Closed edvardm closed 4 years ago

edvardm commented 4 years ago

Hi,

First off, thanks for a really good package! I hope I could contribute something to the project. However, there's currently an issue I'm having: for only few lines of data from given file I'm able to get nice interpolated data, but this fails with nans as values, based on sample test_ephemeris.py that is included in the distribution, but instead of propagating an orbit I use existing GPS data:

import csv
import sys
from typing import Union

try:
    import pendulum
    from loguru import logger
except ImportError:
    sys.exit("Please run 'pip install -U pendulum loguru' to run this")

from orbdetpy import Frame
from orbdetpy.conversion import get_J2000_epoch_offset
from orbdetpy.utilities import interpolate_ephemeris

STEP_SIZE = 60.0

Numeric = Union[int, float]

def main(fname):
    epoch = pendulum.parse("31 Dec 1999 23:59:28", strict=False).timestamp()
    logger.debug("(Unix) epoch set to {}, using file {}", epoch, fname)
    svs = list(parse_file(epoch, fname))  # state vectors; time, pos<3d>, vel<3d>

    times = [j2k_epoch_offset(sv[0]) for sv in svs]
    start_t, end_t = times[0], times[-1]
    assert start_t < end_t

    states = [e[1:] for e in svs]  # extract only position and velocity data

    logger.debug(
        "Interpolating {:d} values using step size {:.3f}s between {} .. {}",
        len(times),
        STEP_SIZE,
        start_t,
        end_t,
    )

    for row in interpolate_ephemeris(
        source_frame=Frame.GCRF,
        times=times,
        states=states,
        num_points=len(times),
        dest_frame=Frame.GCRF,
        interp_start=start_t,
        interp_end=end_t,
        step_size=STEP_SIZE,
    ):
        print(row.time, row.true_state)

def j2k_epoch_offset(stk_epoch: Numeric):
    time_str = pendulum.from_timestamp(stk_epoch).isoformat()
    return get_J2000_epoch_offset(time_str)

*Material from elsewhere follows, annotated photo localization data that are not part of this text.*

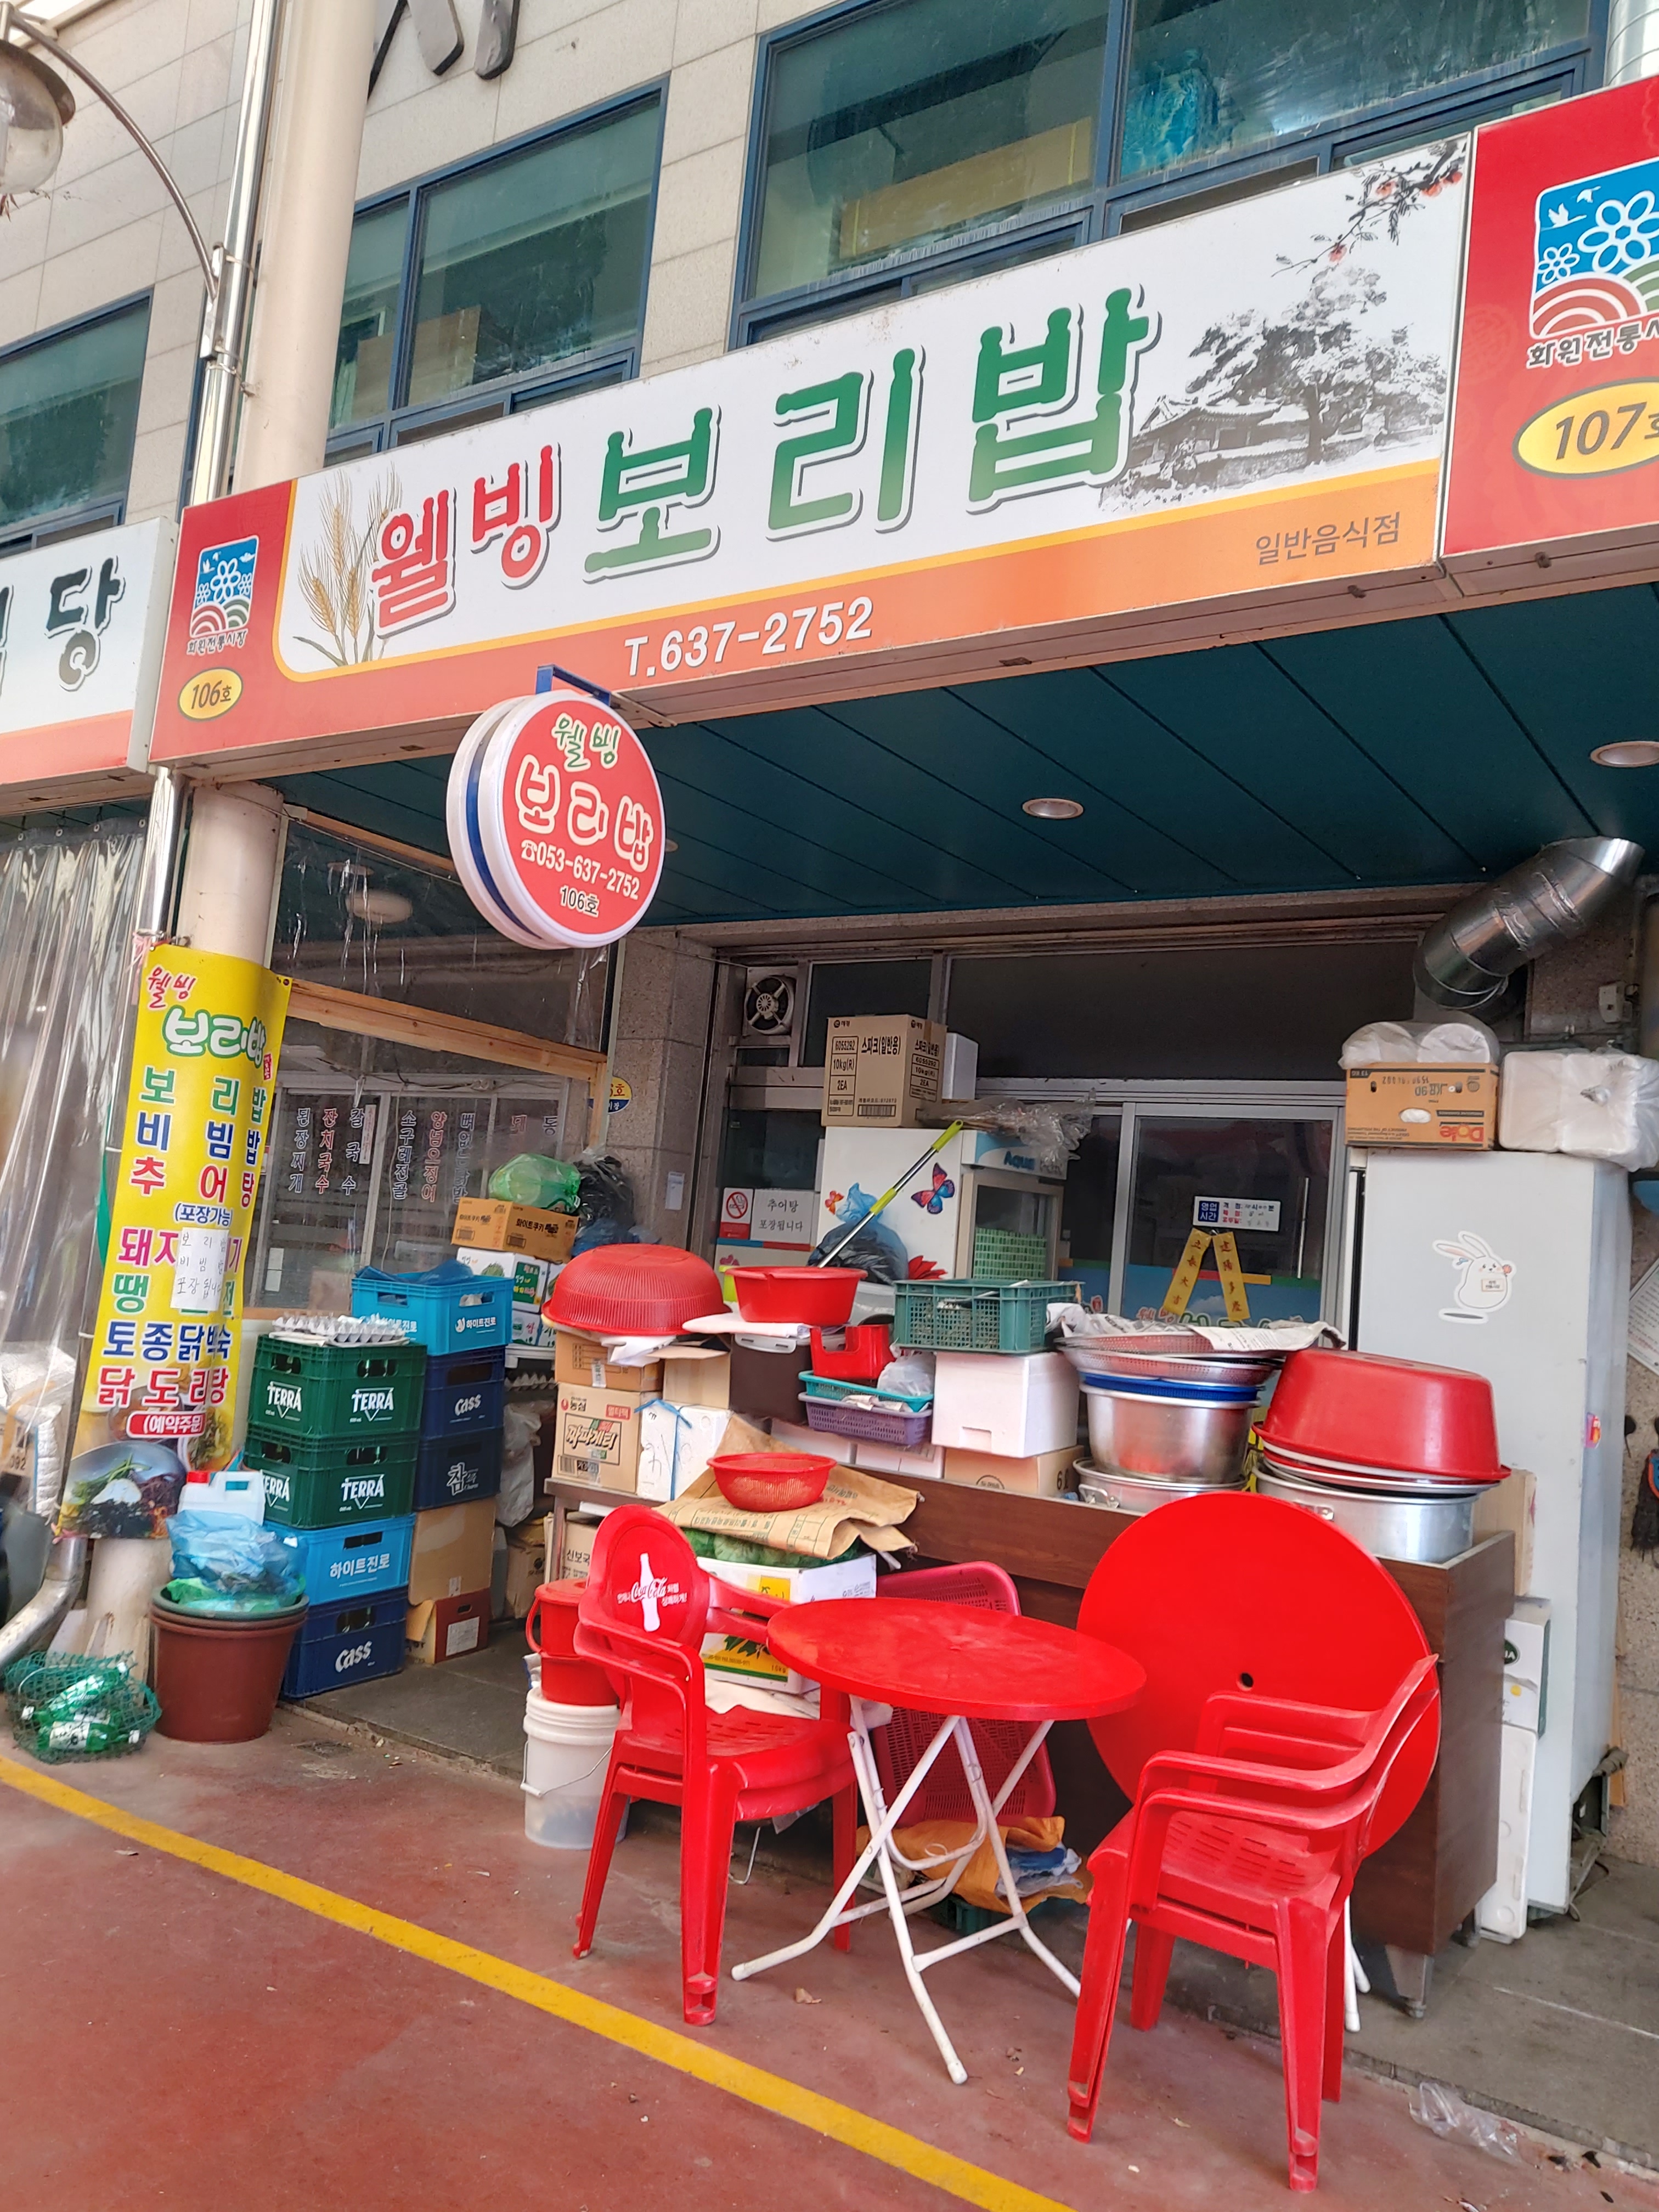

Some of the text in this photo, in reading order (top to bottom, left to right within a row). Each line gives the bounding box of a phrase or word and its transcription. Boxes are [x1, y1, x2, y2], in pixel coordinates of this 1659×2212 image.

[372, 287, 1152, 634] 웰빙 보리밥
[1255, 511, 1402, 565] 일반음식점
[187, 629, 247, 655] 화원전통시장
[624, 596, 874, 678] T.637-2752
[190, 681, 232, 710] 106호
[553, 715, 623, 771] 웰빙
[515, 754, 654, 872] 보리밥
[560, 884, 600, 917] 106호
[148, 966, 196, 1009] 웰빙
[162, 1005, 266, 1068] 보리밥
[861, 1035, 901, 1055] 스파크(일반용)
[833, 1058, 854, 1071] 10kg(R)
[837, 1080, 847, 1090] 2EA
[919, 1079, 929, 1087] 2EA
[1439, 1126, 1484, 1142] Dole
[288, 1108, 311, 1193] 된장찌개
[315, 1108, 338, 1194] 잔치국수
[421, 1111, 447, 1203] 양념오징어
[768, 1198, 799, 1213] 추어탕
[1200, 1212, 1216, 1221] 시간
[1201, 1202, 1217, 1211] 영업
[466, 1317, 496, 1329] 하이트진로
[103, 1321, 232, 1361] 토종닭백숙
[97, 1367, 229, 1407] 닭도리탕
[267, 1381, 302, 1412] TERRA
[352, 1388, 394, 1413] TERRA
[455, 1394, 481, 1416] Cass
[570, 1400, 586, 1412] 농심
[566, 1424, 618, 1450] 짜파게티
[341, 1475, 384, 1502] TERRA
[447, 1462, 468, 1496] 참
[330, 1554, 390, 1579] 하이트진로
[335, 1641, 372, 1672] Cass

def parse_file(epoch, fpath):
    with open(fpath) as fh:
        reader = csv.reader(fh, delimiter=";")
        for row in reader:
            offset, *rest = [float(e) for e in row]
            yield [offset + epoch, *rest]  # we want first entry as time, which is epoch + offset from that

if __name__ == "__main__":
    import sys

    main(sys.argv[1])

Data file (ephemerides) attached, can be run with

pip install -U loguru pendulum  # needed only if missing those packages
python interpolate.py raw.txt

So the output I get is

orbdetpy-server version 2.0.2
2020-09-02 12:43:03.585 | DEBUG    | __main__:main:22 - (Unix) epoch set to 946684768.0, using file raw.csv
2020-09-02 12:43:03.752 | DEBUG    | __main__:main:40 - Interpolating 48 values using step size 60.000s between 631108873.184 .. 631109286.184
...
631109233.184 [1.5458659847874403e+47, -8.419914678062475e+46, 3.36869557803364e+47, 1.2458308352515215e+47, 8.523956895271134e+46, 1.7033524692088471e+47]
631109286.184 [nan, nan, nan, nan, nan, nan]
Shutting down server...

I'm pretty certain that the coordinate system is wrong (likely source is ECEF(?)), but shoudn't interpolation still work? I'm assuming it's simply using Hermite or Lagrange algorithm to interpolate points, which means that it just treats those points as plain numbers?

I'm assuming I'm doing something very silly here, so any help is appreciated.

raw.txt

edvardm commented 4 years ago

As my colleague pointed out, only now realized that interpolated values are way too large. So I guess there's still kind of a bug -- instead of nans I think I'd rather have an exception telling user is a doofus, but noticed that this is wrong tool to use in this situation. What I want is actually orbit propagation, not interpolation.